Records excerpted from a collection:

[Start of section]

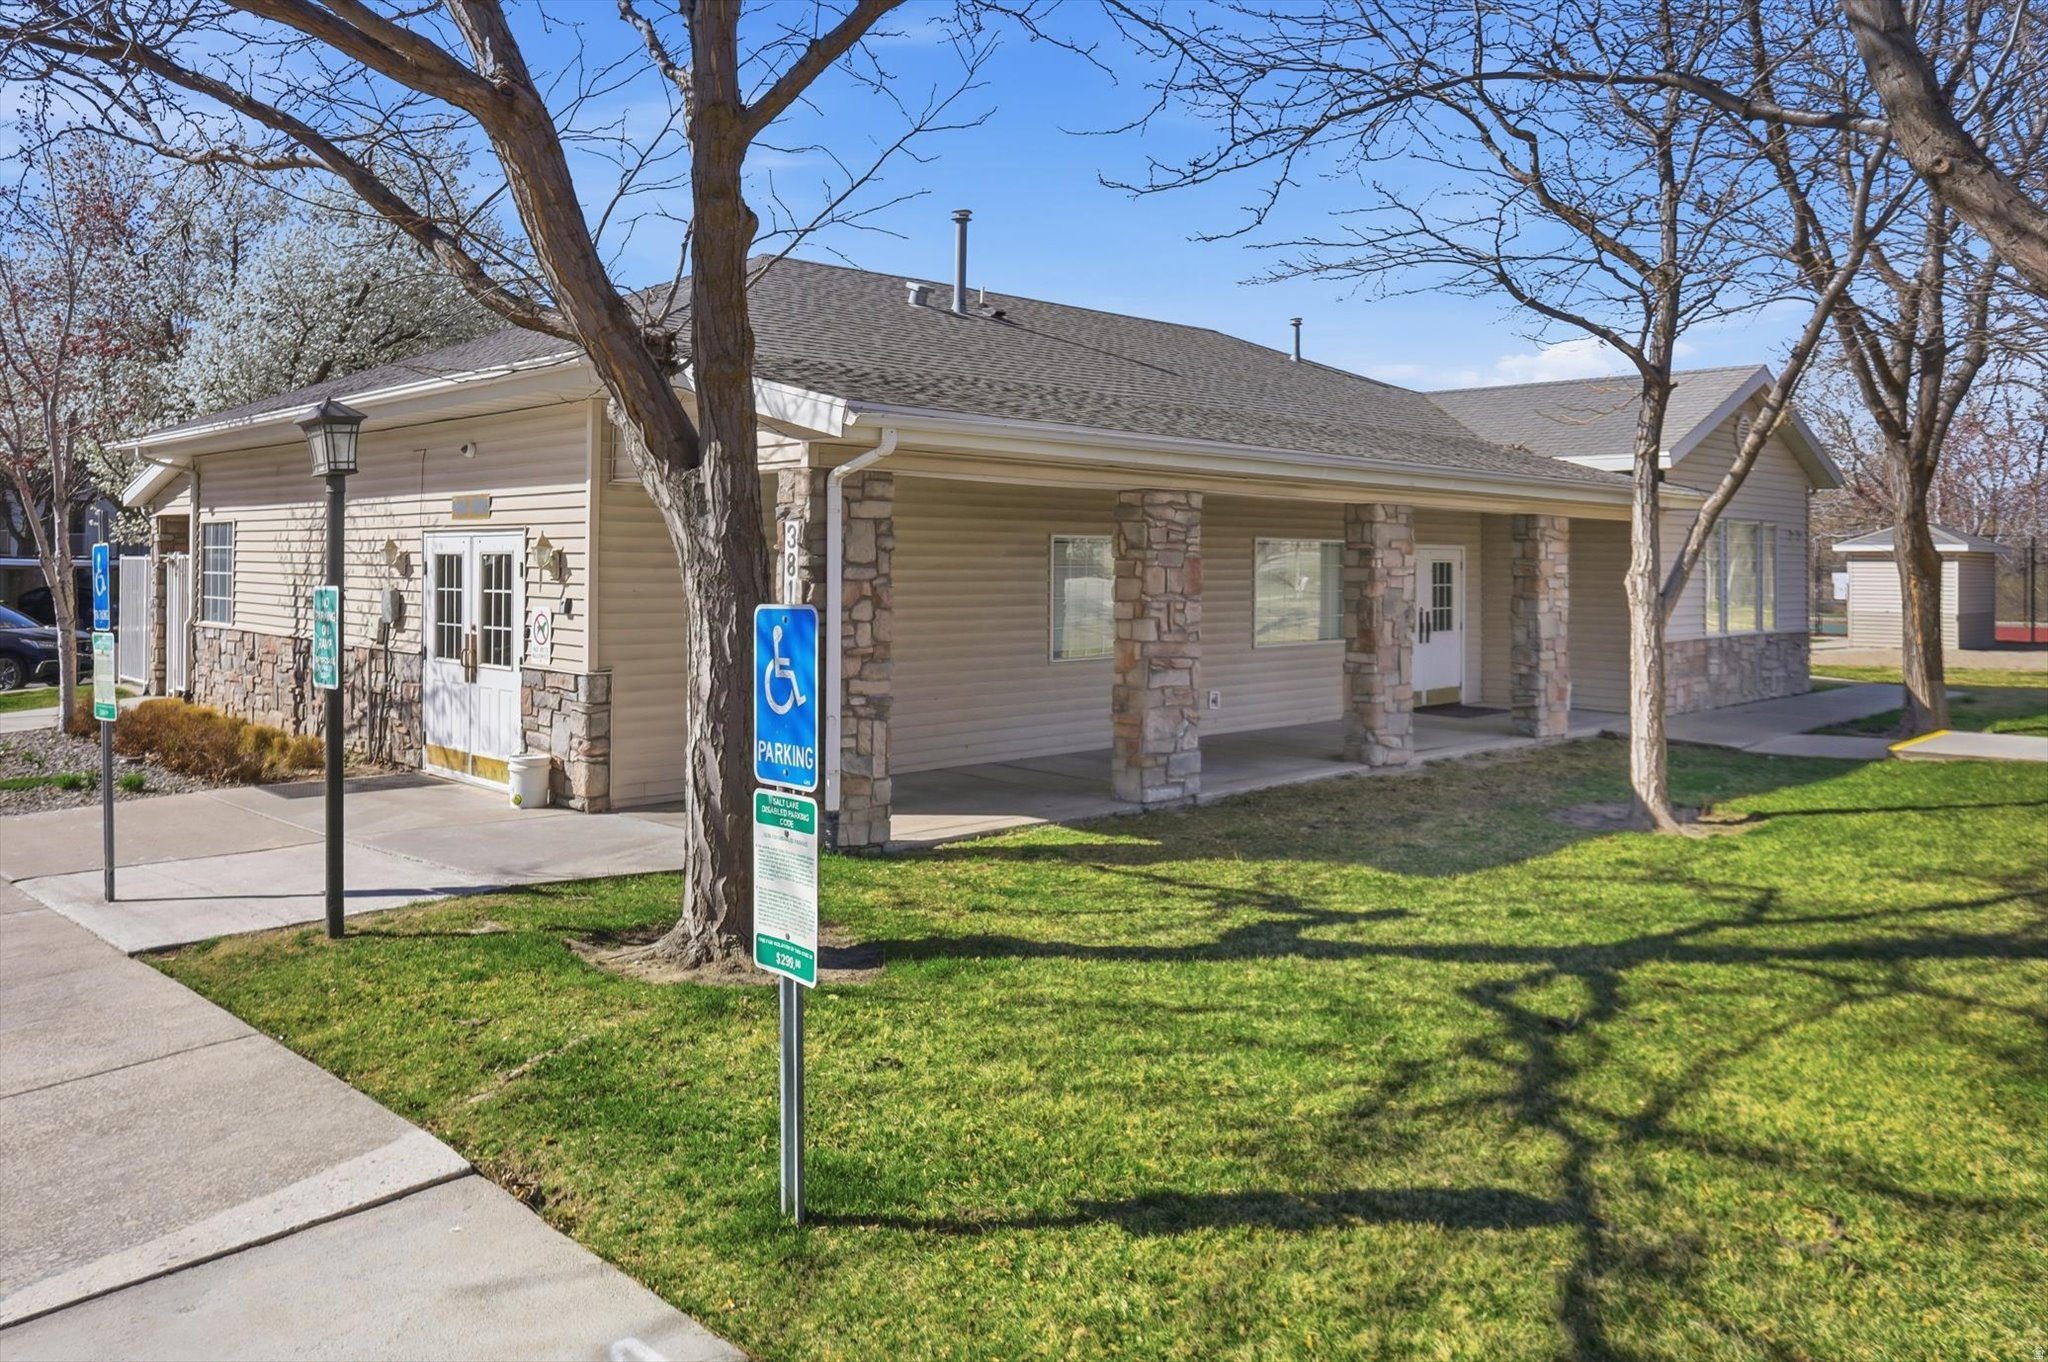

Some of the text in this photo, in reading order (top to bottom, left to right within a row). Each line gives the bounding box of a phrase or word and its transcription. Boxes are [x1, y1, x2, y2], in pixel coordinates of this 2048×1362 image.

[758, 740, 813, 770] PARKING
[772, 797, 785, 807] SALT
[761, 805, 809, 822] DISABLED PARKING
[780, 818, 794, 829] CODE
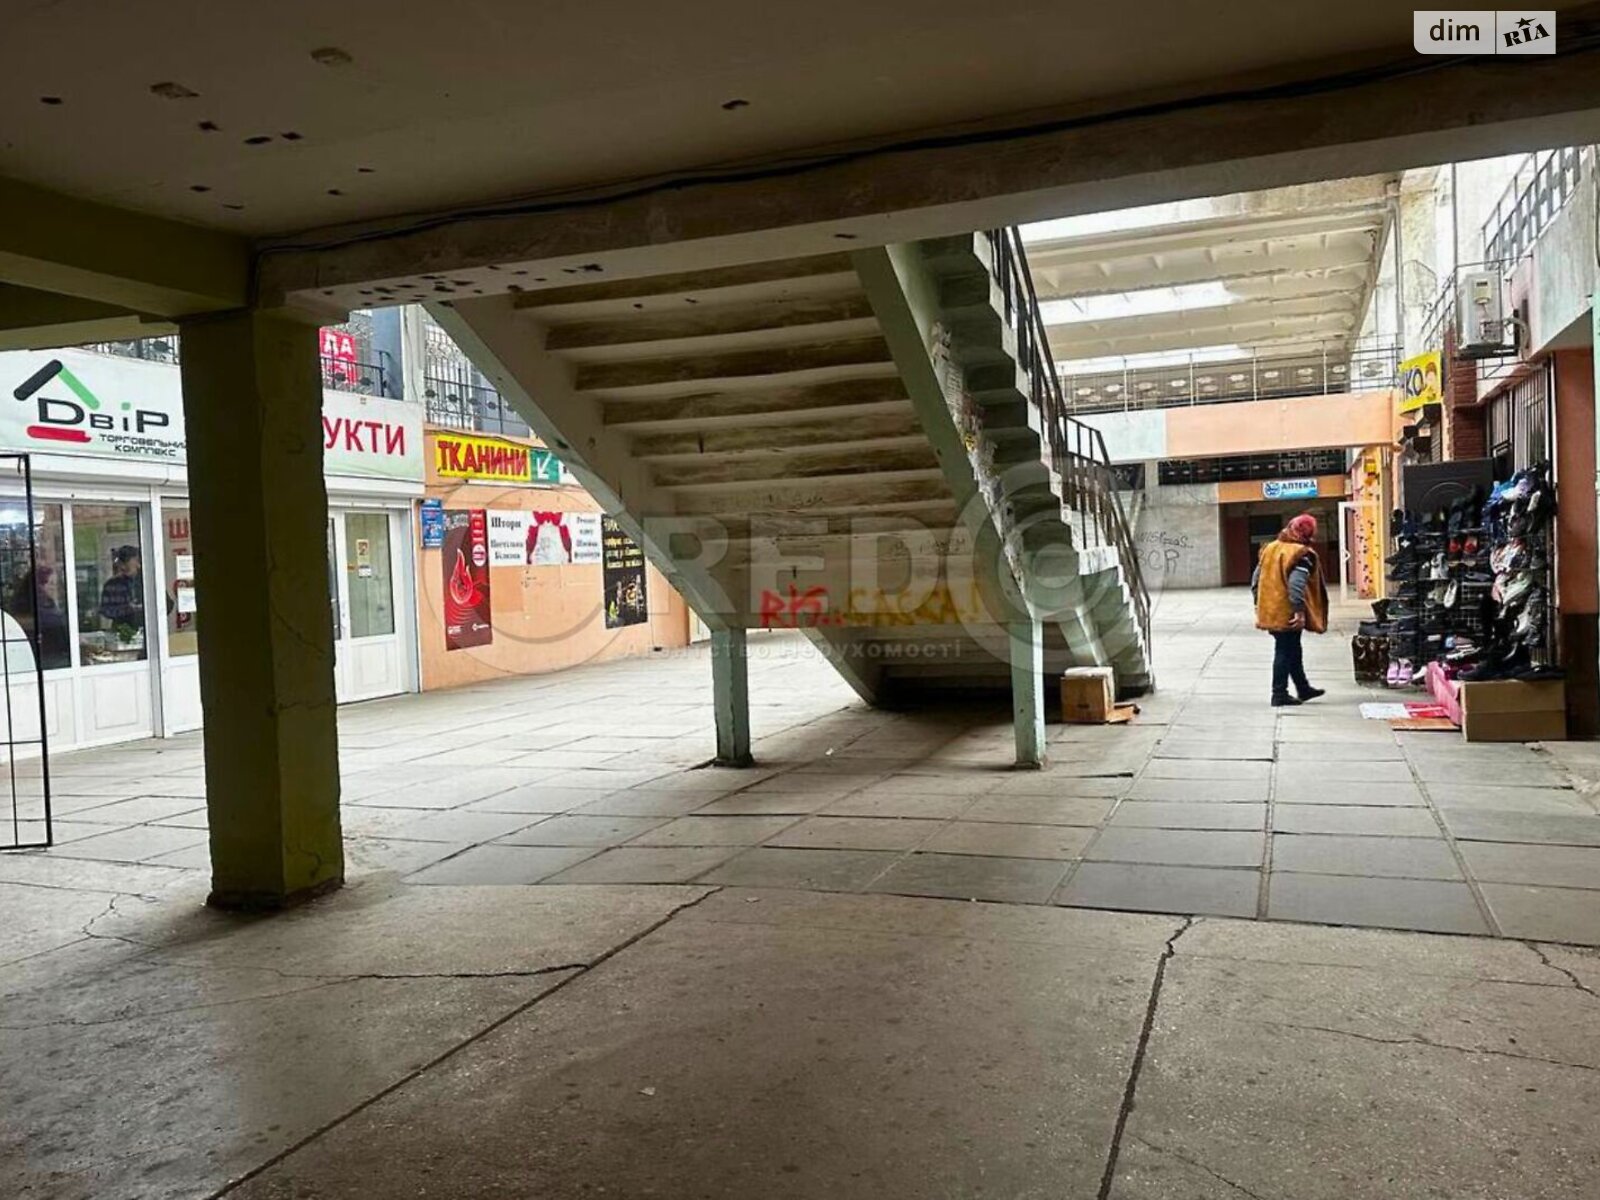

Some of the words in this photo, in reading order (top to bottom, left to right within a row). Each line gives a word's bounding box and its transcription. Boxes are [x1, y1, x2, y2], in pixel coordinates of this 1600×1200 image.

[99, 434, 187, 449] ТОРГОВЕЛЬНИ
[114, 445, 177, 457] КОМПЛЕКС
[437, 440, 529, 477] ТКАНИНИ
[1281, 481, 1316, 491] АПТЕКА
[491, 517, 521, 531] Штори
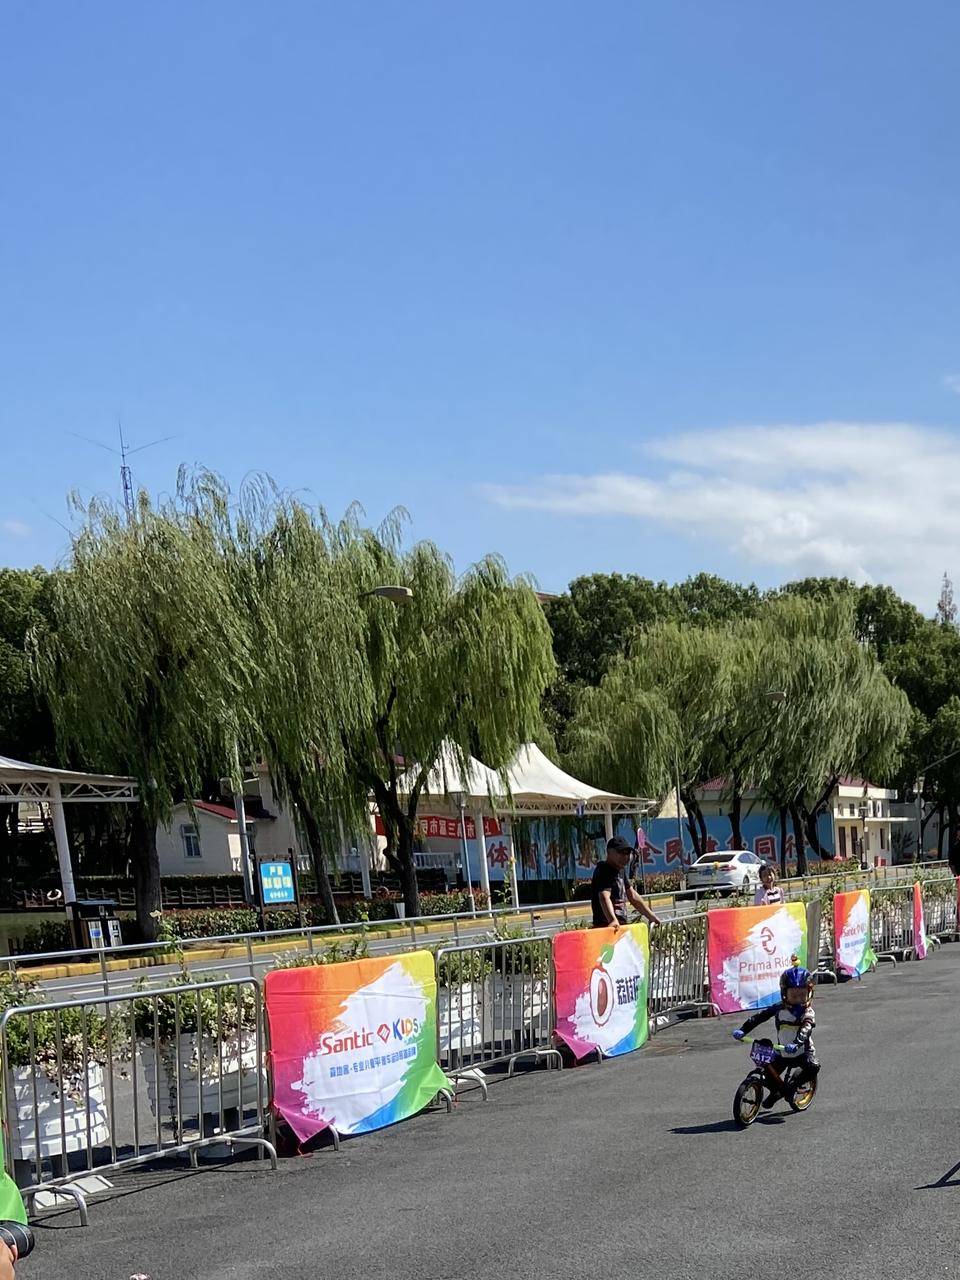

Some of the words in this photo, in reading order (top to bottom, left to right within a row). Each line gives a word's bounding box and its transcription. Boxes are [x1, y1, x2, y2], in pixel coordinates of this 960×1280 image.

[End of section]

Print the records verbatim, without pictures.

Some of the text in this photo, in reading order (top to bottom, left to right within a row). Each line gives the bounding box of a phrase or word and its transcription. Boxes are [x1, y1, x2, y2], in pixel coordinates of this 2048×1362 image.

[758, 740, 813, 770] PARKING
[772, 797, 785, 807] SALT
[761, 805, 809, 822] DISABLED PARKING
[780, 818, 794, 829] CODE

Some of the words in this photo, in reading order (top to bottom, left to right within a row). Each line gives a word's bounding box and its transcription. Boxes are [x1, y1, x2, y2], in pixel coordinates of this 1600×1200 image.

[99, 434, 187, 449] ТОРГОВЕЛЬНИ
[114, 445, 177, 457] КОМПЛЕКС
[437, 440, 529, 477] ТКАНИНИ
[1281, 481, 1316, 491] АПТЕКА
[491, 517, 521, 531] Штори

Some of the words in this photo, in reading order (top to bottom, left to right within a row). Each line gives a word's bounding box and its transcription. Boxes are [x1, y1, x2, y2], in pixel coordinates of this 960×1280 image.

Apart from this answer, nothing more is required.